Áreas de livre Comércio da Amazônia podem ganhar novos incentivos
A Comissão de Assuntos Econômicos (CAE) aprovou o projeto do senador Randolfe Rodrigues (PT-AC) que corrige uma distorção tributária nas áreas de livre comércio da Amazônia (PL 2697/2023). A proposta equipara à exportação as vendas entre empresas instaladas nessas zonas, garantindo alíquota zero de PIS e Cofins e ampliando benefício fiscal que antes estava restrito a Roraima. O projeto busca fortalecer o comércio local e estimular o desenvolvimento econômico na Amazônia.

Transcrição
O projeto aprovado busca fortalecer o comércio e a atividade econômica em cidades da Amazônia.
A proposta trata das chamadas Áreas de Livre Comércio, criadas para estimular o desenvolvimento em municípios de fronteira.

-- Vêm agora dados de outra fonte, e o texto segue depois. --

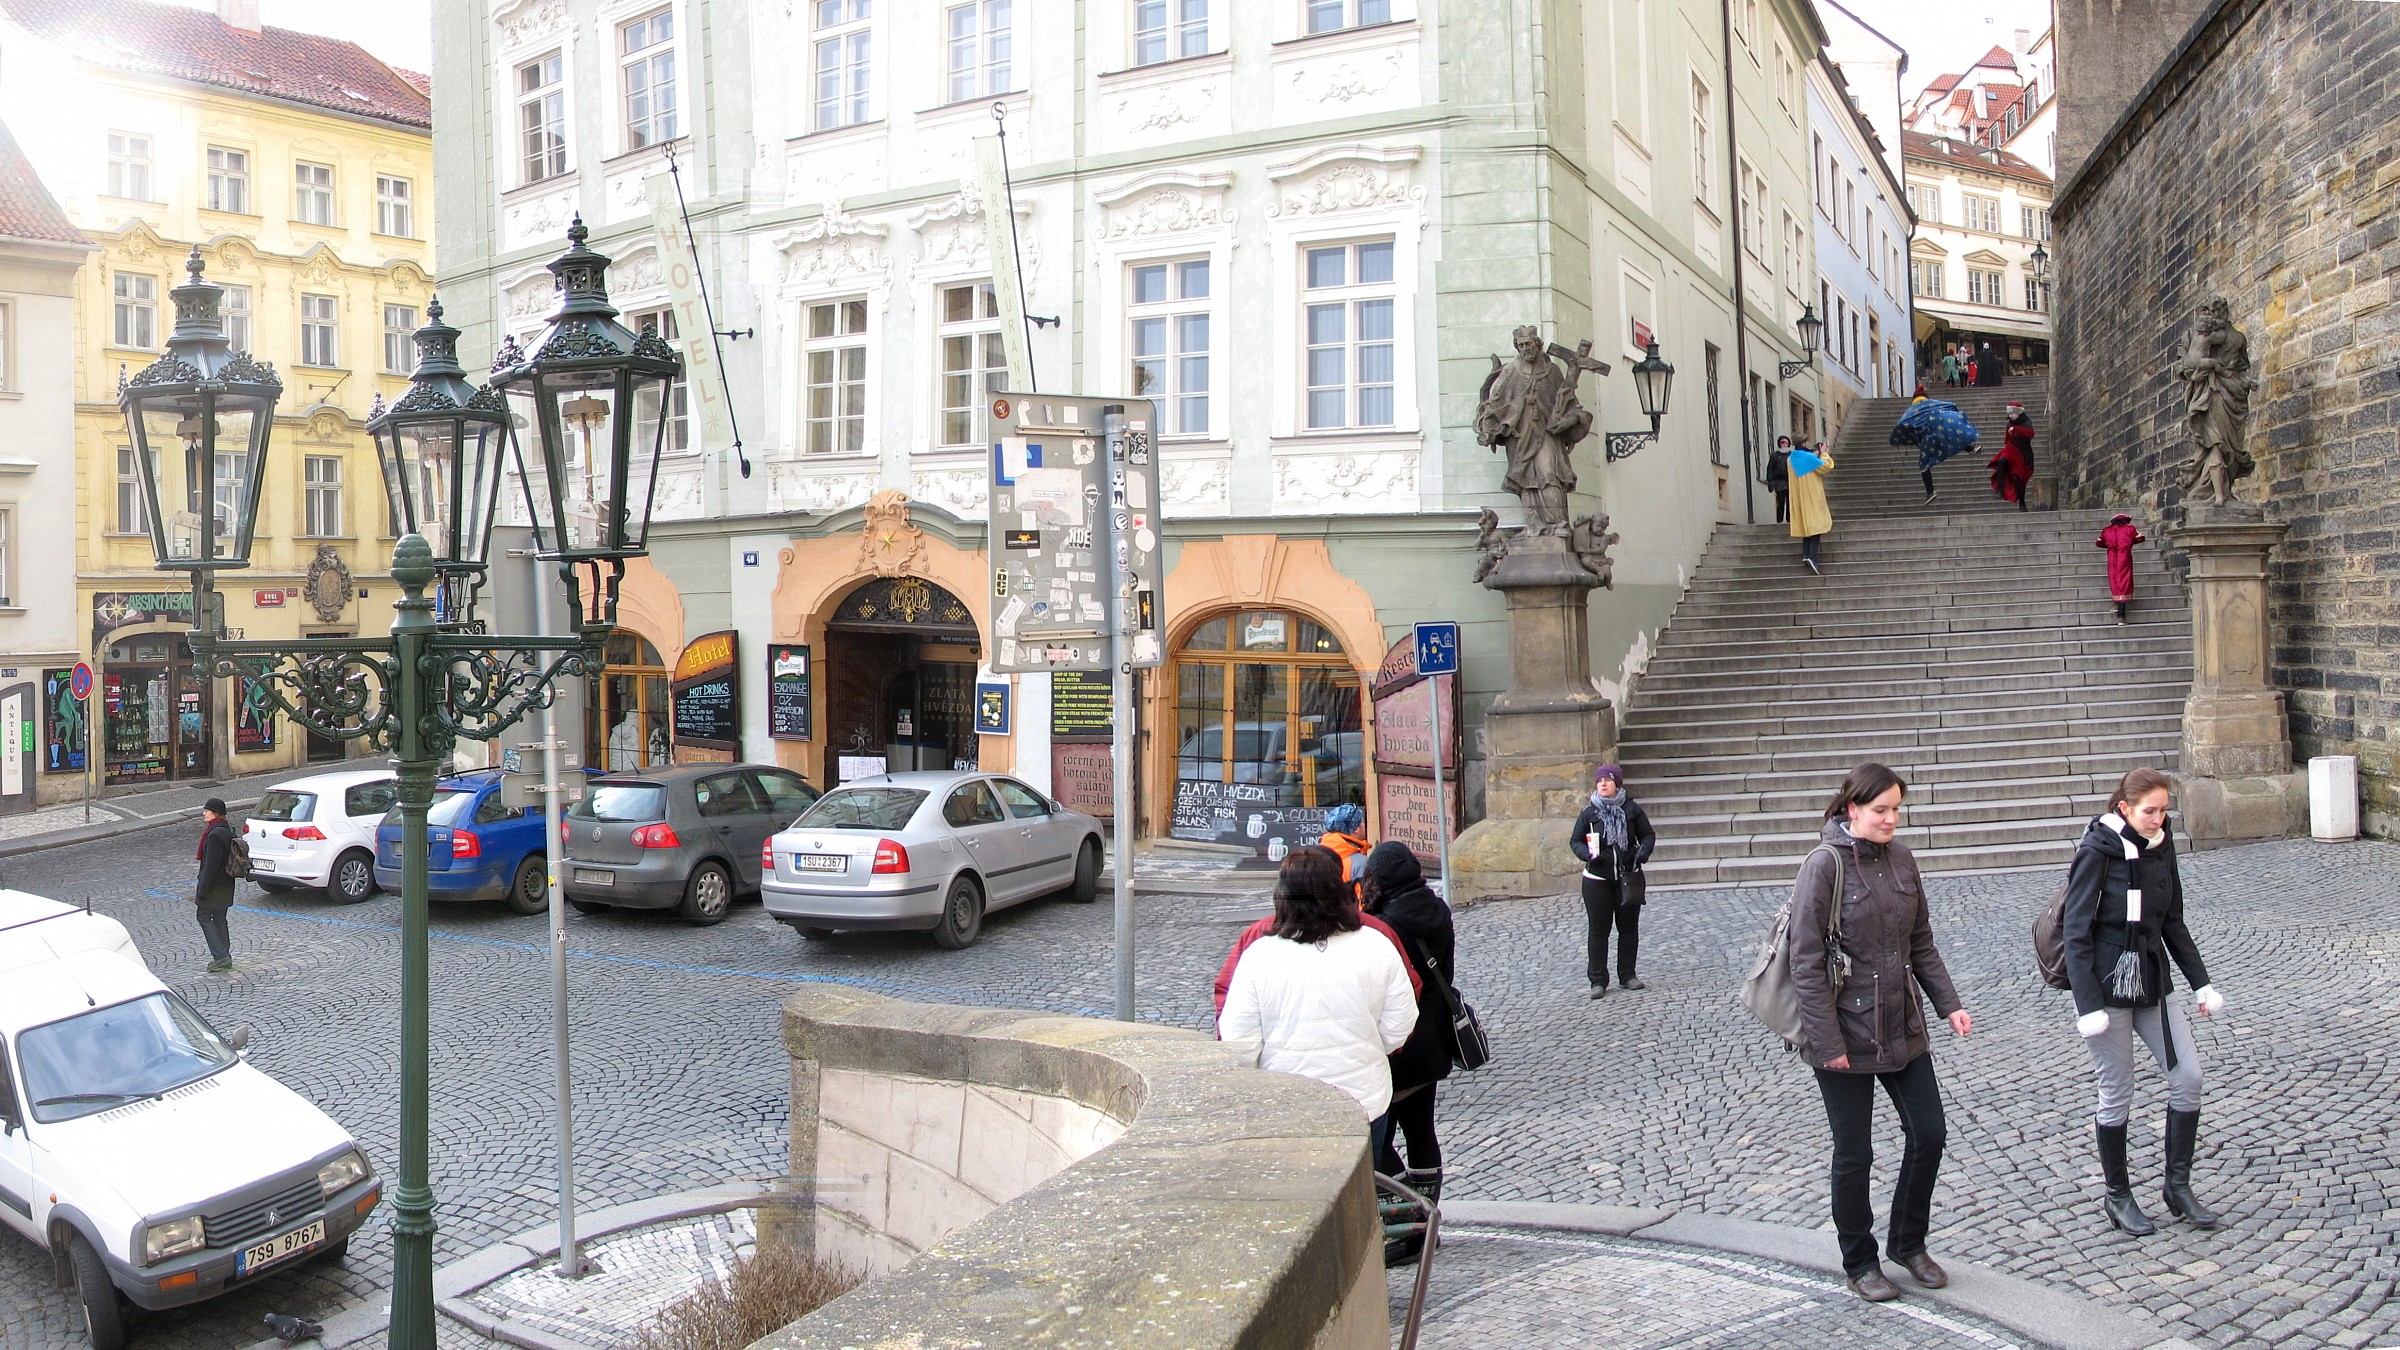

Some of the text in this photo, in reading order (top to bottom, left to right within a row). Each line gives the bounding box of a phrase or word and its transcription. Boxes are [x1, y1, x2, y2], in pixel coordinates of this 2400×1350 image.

[660, 223, 716, 404] HOTEL
[746, 553, 755, 564] 48
[684, 636, 730, 675] Hotel
[1382, 651, 1415, 681] Resta
[689, 682, 729, 698] HOT DRINKS
[774, 682, 807, 694] EXCHANGE
[929, 686, 966, 699] ZLATÁ
[778, 695, 793, 706] 0%
[923, 700, 973, 714] HVĚZDA
[773, 705, 804, 715] COMMISSION
[1387, 782, 1451, 800] czech draut
[1408, 798, 1428, 811] beer
[1388, 807, 1412, 823] czech
[1389, 824, 1451, 844] fresh salas
[803, 856, 842, 868] 1SU 2367
[248, 1242, 274, 1267] 7S9
[284, 1224, 318, 1251] 8767

E permite aplicar benefícios fiscais semelhantes aos concedidos quando produtos são vendidos para o exterior.
Entre eles, a isenção das alíquotas de PIS/Pasep e Cofins das vendas destinadas ao consumo ou à industrialização dentro dessas áreas.
O texto também corrige o efeito de uma decisão do Superior Tribunal de Justiça, que em 2020 reconheceu o benefício apenas para cidades de Bonfim e Pacaraima, em Roraima.

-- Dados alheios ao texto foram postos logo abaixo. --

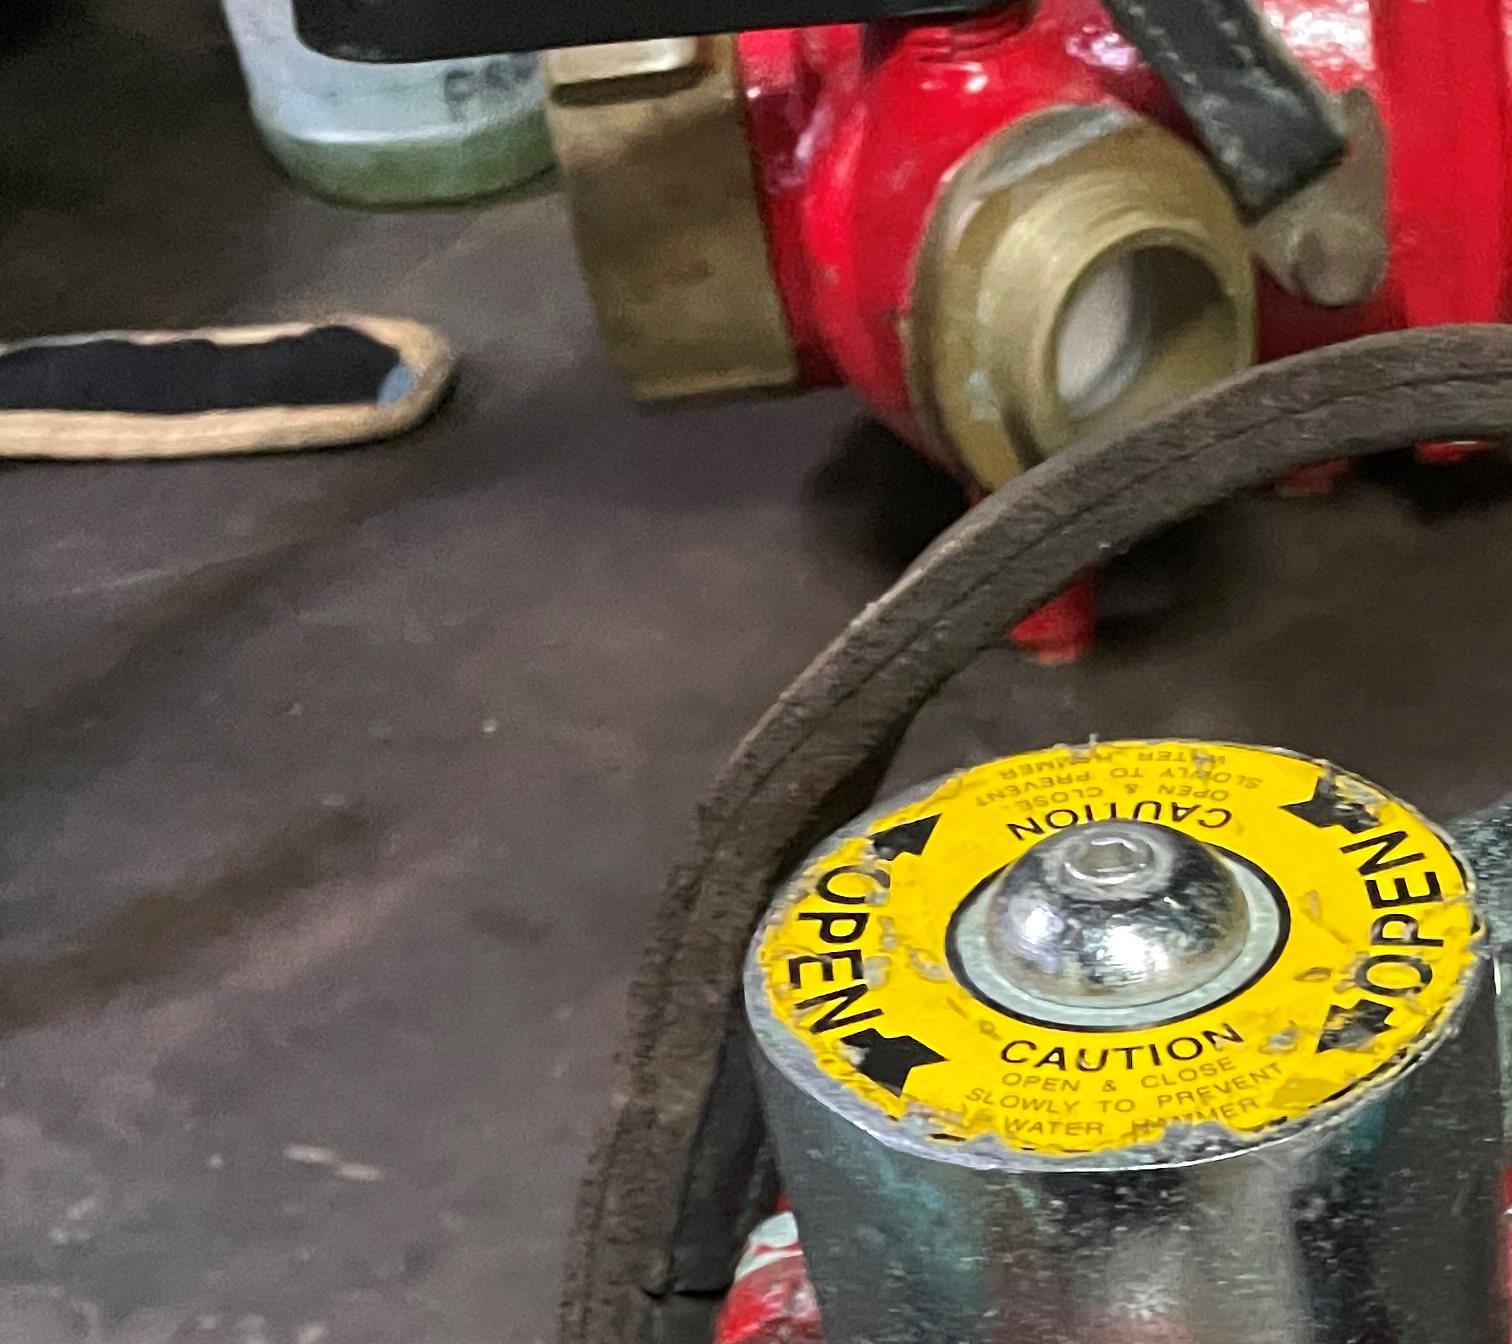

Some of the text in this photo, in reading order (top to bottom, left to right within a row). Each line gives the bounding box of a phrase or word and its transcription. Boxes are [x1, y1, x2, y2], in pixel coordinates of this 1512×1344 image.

Para o autor, senador Randolfe Rodrigues, do PT do Amapá, a política de incentivos deve ser aplicada para todos os estados da Amazônia.
(senador Randolfe Rodrigues) "As áreas de livre comércio surgiram como complementação da Zona Franca de Manaus . O padrão de desenvollvimento deo centro-sul não é o mesmo padrão do Nordeste e da nossa Amazonia. Por isso a régua de tratamento tem que ser distinta, em especial da Amazônia. Só que a partir de 2020 se criou uma distorção. O STJ num preciosismo dizia que não tinha amparo legal para as demais áreas de livre comércio. Se o princípio das ALC e da Zona Franca são os mesmos, não tem razão umas terem diferenciação em relação a outras".
O relator, senador Alan Rick, do Republicanos do Acre, defendeu que retirar esse incentivo comprometeria o objetivo das políticas de desenvolvimento de cidades da Amazônia.
(senador Alan Rick) "Negar por mais tempo este benefício fiscal às operações internas das áreas de livre comércio significaria esvaziar a função essencial das ALCs: reduzir desigualdades regionais e promover desenvolvimento econômico em áreas de fronteira".
Por sugestão do senador Sérgio Petecão, do PSD do Acre, o projeto também amplia a área de livre comércio de Brasiléia, no Acre, incluindo os municípios de Assis Brasil, Capixaba e Plácido de Castro.
Se aprovada, passa a valer para empresas instaladas em cidades como Tabatinga, no Amazonas, Macapá e Santana, no Amapá, e Guajará-Mirim, em Rondônia.
A proposta passará por mais um turno de votação na CAE. Da Rádio Senado, Marcella Cunha.